Eingekesselt nach Termin im Gericht: Leipziger Anwältin verklagt Polizei wegen „Tag X“

Nach einem Termin im Amtsgericht geriet die Leipziger Rechtsanwältin Rita Belter beim linksradikalen „Tag X“ in einen Polizeikessel. Sie klagte vor dem Verwaltungsgericht. Doch der Fall geht in die nächste Instanz.

Sie kam von einem Gerichtstermin und landete in den Fängen der Polizei: Vor zwei Jahren geriet die Leipziger Rechtsanwältin Rita Belter im Zusammenhang mit dem linksradikalen „Tag X“ in einen Polizeikessel. Sie klagte gegen die Polizeidirektion vor dem Verwaltungsgericht. Das entschied nun: Der gegen sie verhängte Platzverweis war rechtswidrig, die sogenannte Ingewahrsamnahme der Juristin hingegen nicht.

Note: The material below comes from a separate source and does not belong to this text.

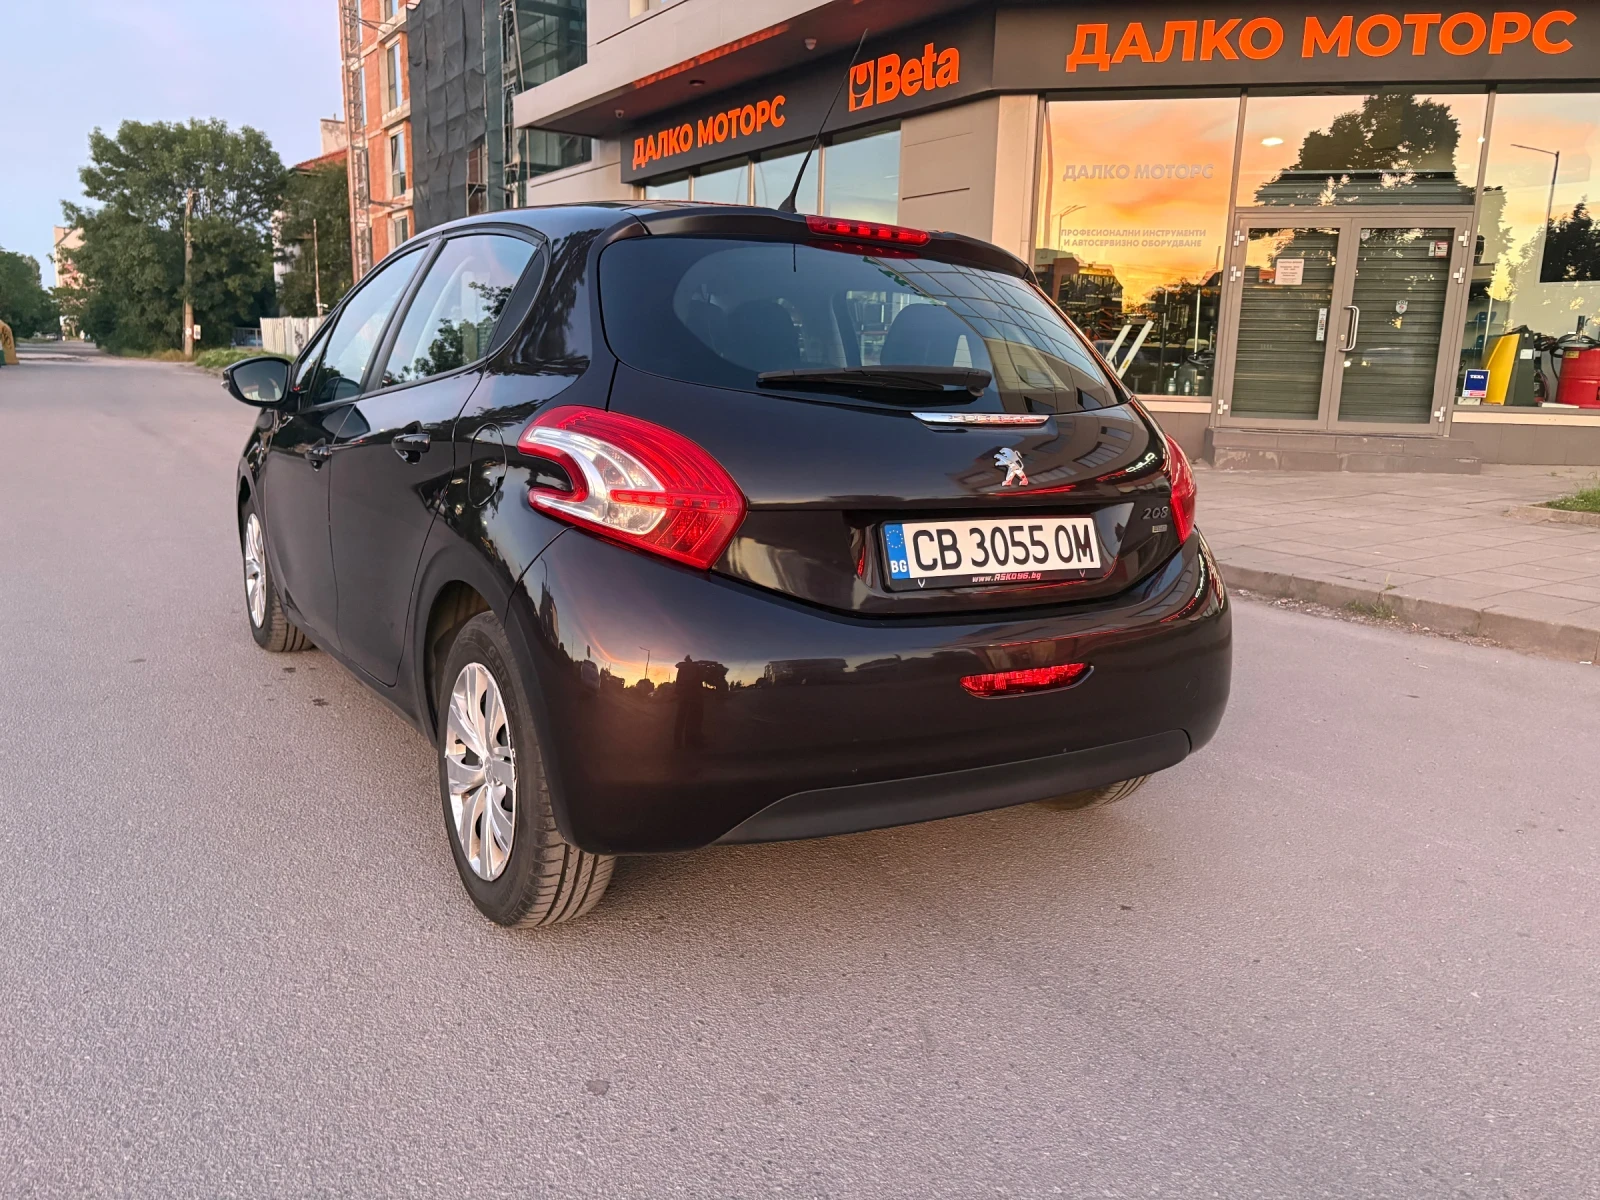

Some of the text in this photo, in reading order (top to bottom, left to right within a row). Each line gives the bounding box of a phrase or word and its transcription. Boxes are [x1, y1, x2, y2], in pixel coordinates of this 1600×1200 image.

Es war am 3. Juni 2023 gegen 22 Uhr, als Belter das Amtsgericht verließ und zu ihrem Fahrrad gehen wollte. Ein Mandant von ihr gehörte zu jenen Tatverdächtigen, die nach Ausschreitungen in Connewitz am Tag zuvor verhaftet worden waren. Mit ihm hatte sie einen Termin zur Haftvorführung beim Ermittlungsrichter.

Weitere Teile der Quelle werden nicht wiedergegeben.